**Problem to solve:** The records below are to be returned word for word, with pictures left out.

[[ Given data open ]]

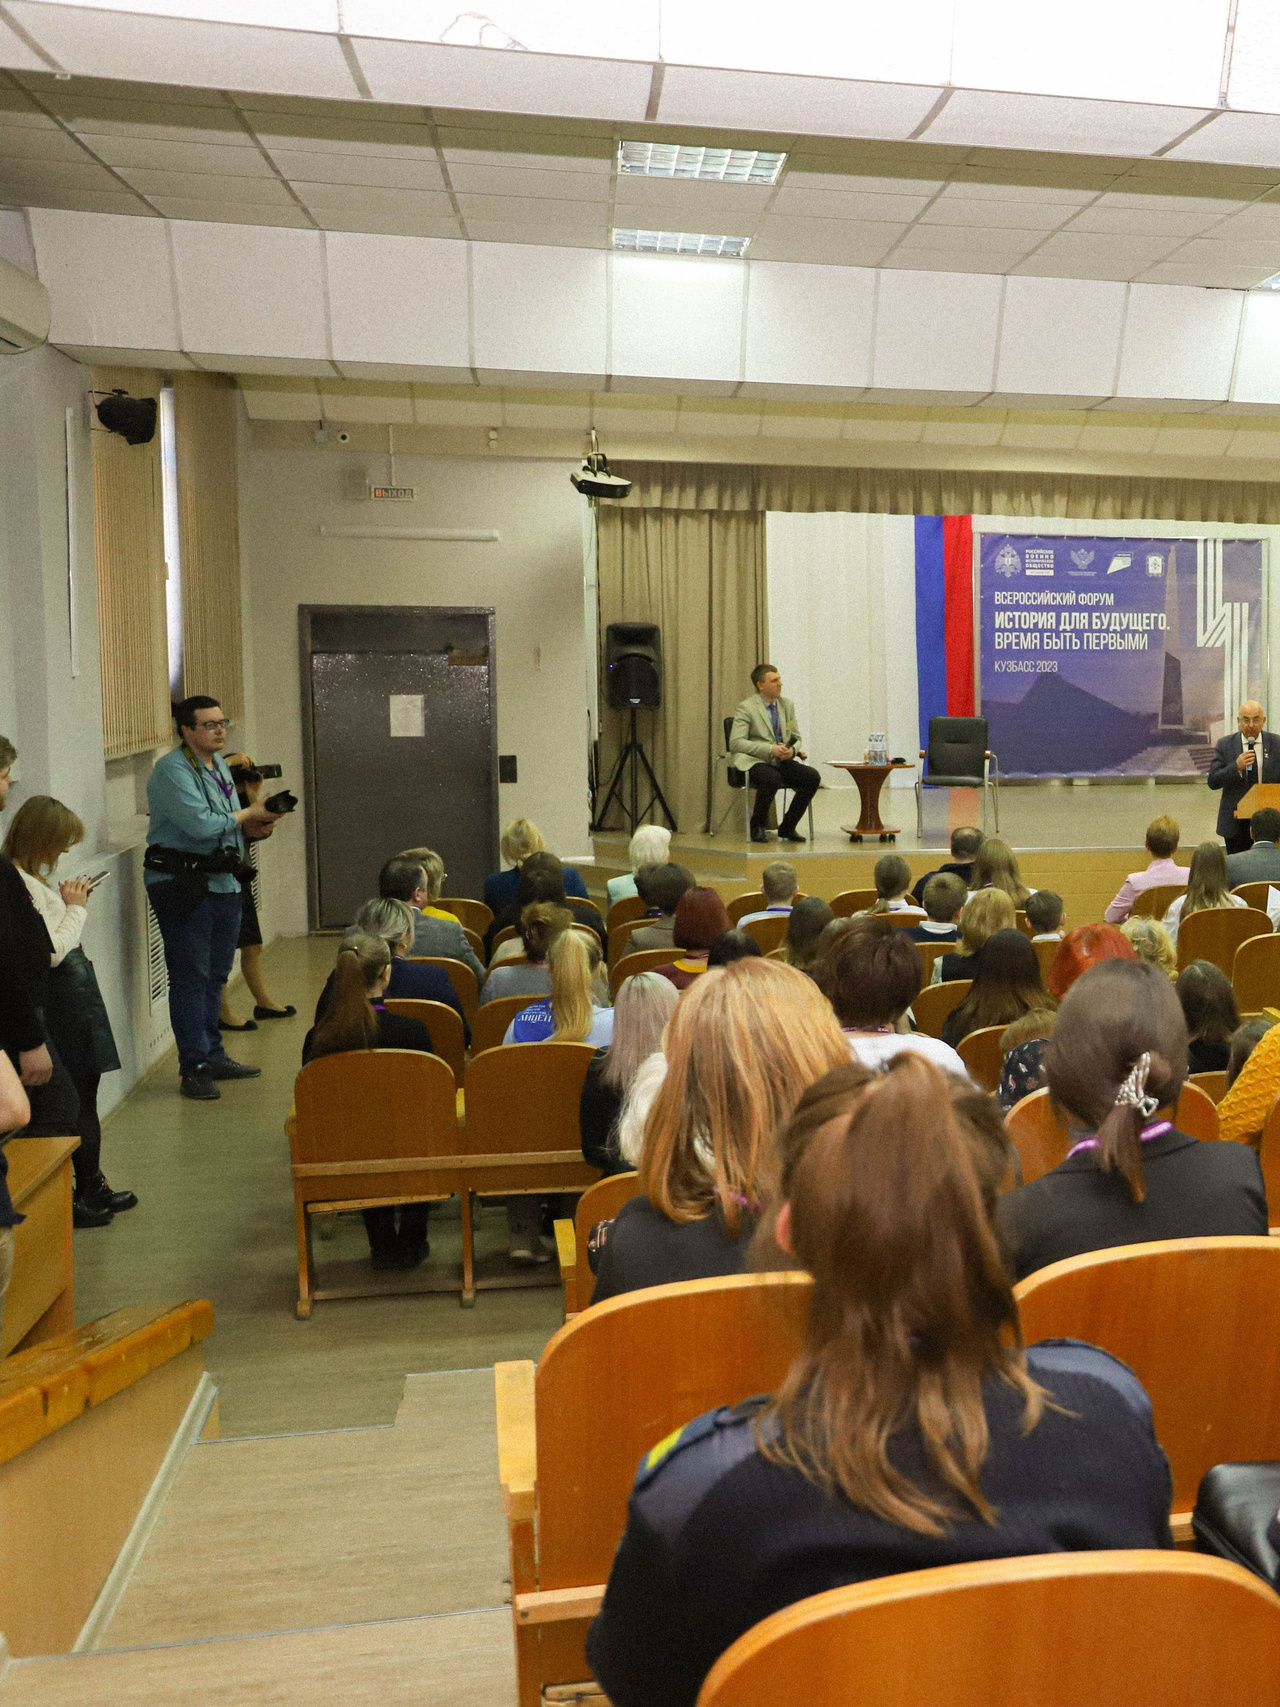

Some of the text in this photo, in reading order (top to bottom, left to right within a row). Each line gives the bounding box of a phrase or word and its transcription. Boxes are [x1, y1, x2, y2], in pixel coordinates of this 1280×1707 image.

[375, 489, 412, 498] ВЫХОД
[994, 590, 1114, 606] ВСЕРОССИЙСКИЙ ФОРУМ
[994, 611, 1171, 632] ИСТОРИЯ ДЛЯ БУДУЩЕГО.
[994, 632, 1148, 650] ВРЕМЯ БЫТЬ ПЕРВЫМИ
[994, 660, 1058, 672] КУЗБАСС 2023
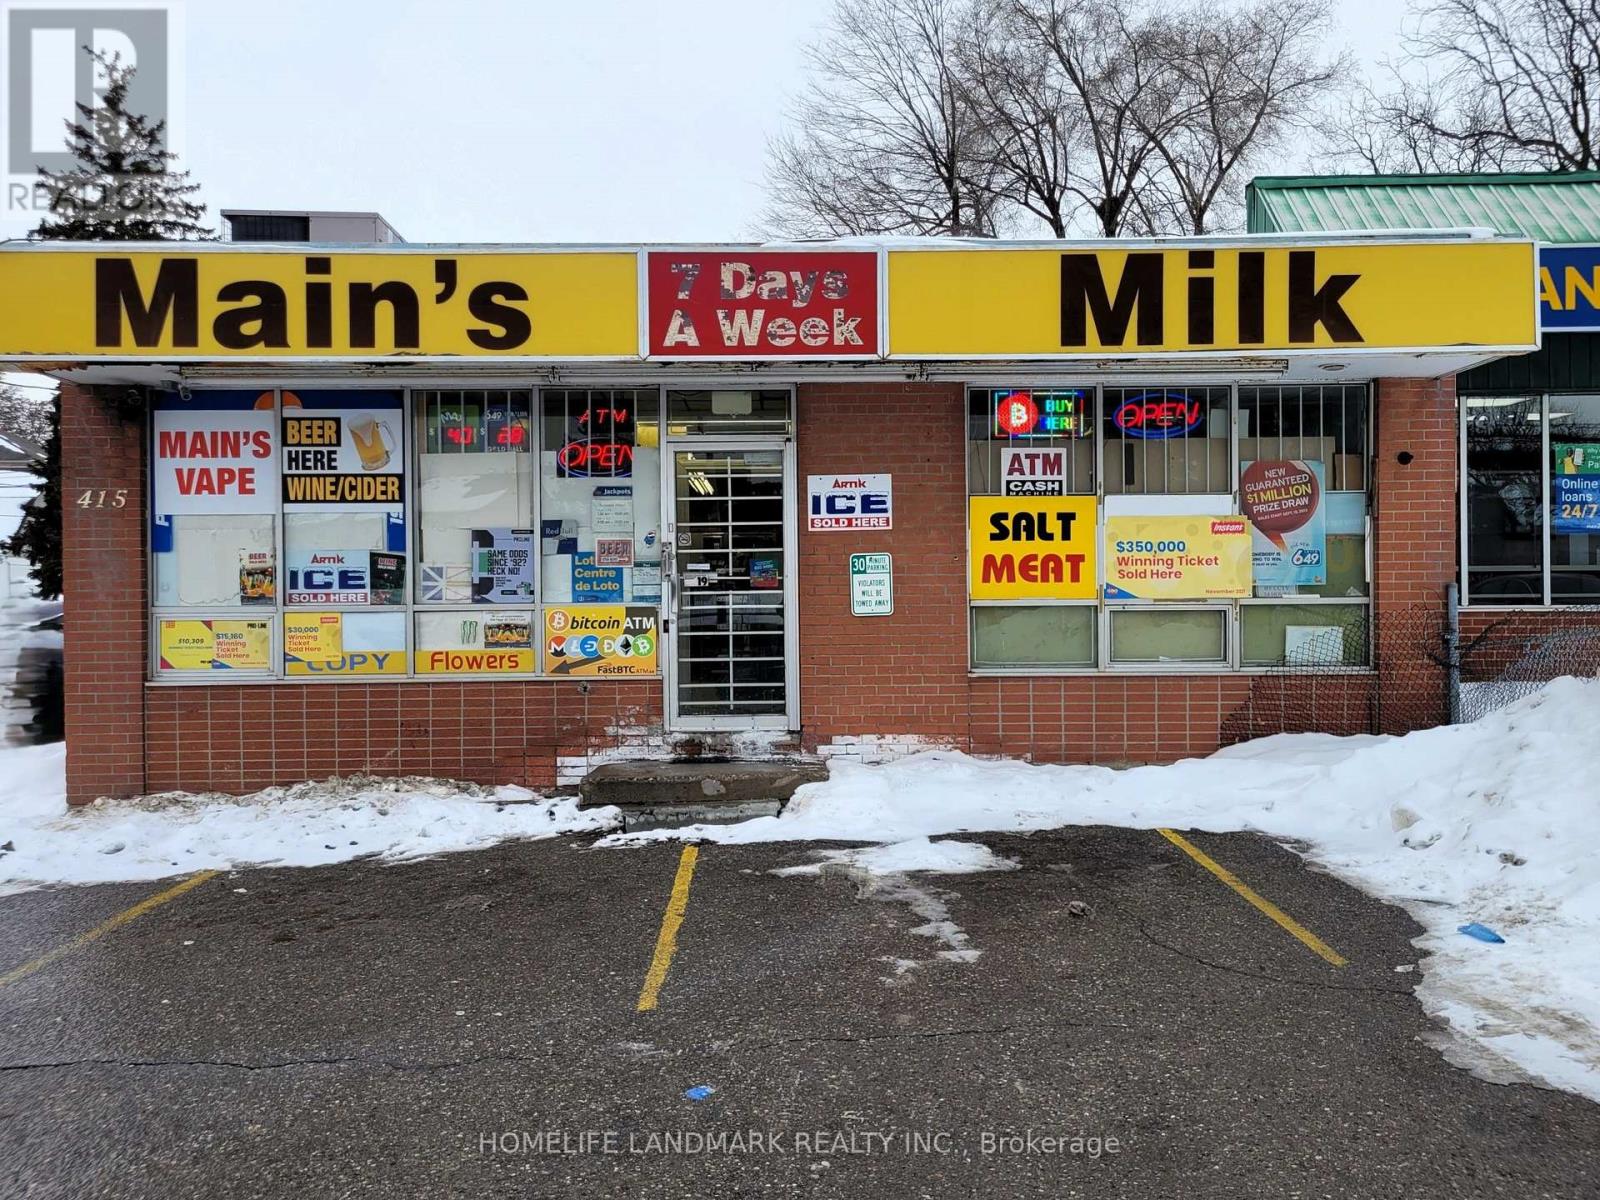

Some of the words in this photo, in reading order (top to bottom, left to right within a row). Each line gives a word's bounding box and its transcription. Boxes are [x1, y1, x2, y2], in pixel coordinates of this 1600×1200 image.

[[ Given data closed ]]

**Final answer:**
Some of the text in this photo, in reading order (top to bottom, left to right within a row). Each line gives the bounding box of a phrase or word and its transcription. Boxes are [x1, y1, x2, y2], in pixel coordinates of this 1280×1707 image.

[375, 489, 412, 498] ВЫХОД
[994, 590, 1114, 606] ВСЕРОССИЙСКИЙ ФОРУМ
[994, 611, 1171, 632] ИСТОРИЯ ДЛЯ БУДУЩЕГО.
[994, 632, 1148, 650] ВРЕМЯ БЫТЬ ПЕРВЫМИ
[994, 660, 1058, 672] КУЗБАСС 2023

Some of the words in this photo, in reading order (top to bottom, left to right within a row). Each line gives a word's bounding box and its transcription. Boxes are [x1, y1, x2, y2], in pixel coordinates of this 1600×1200 image.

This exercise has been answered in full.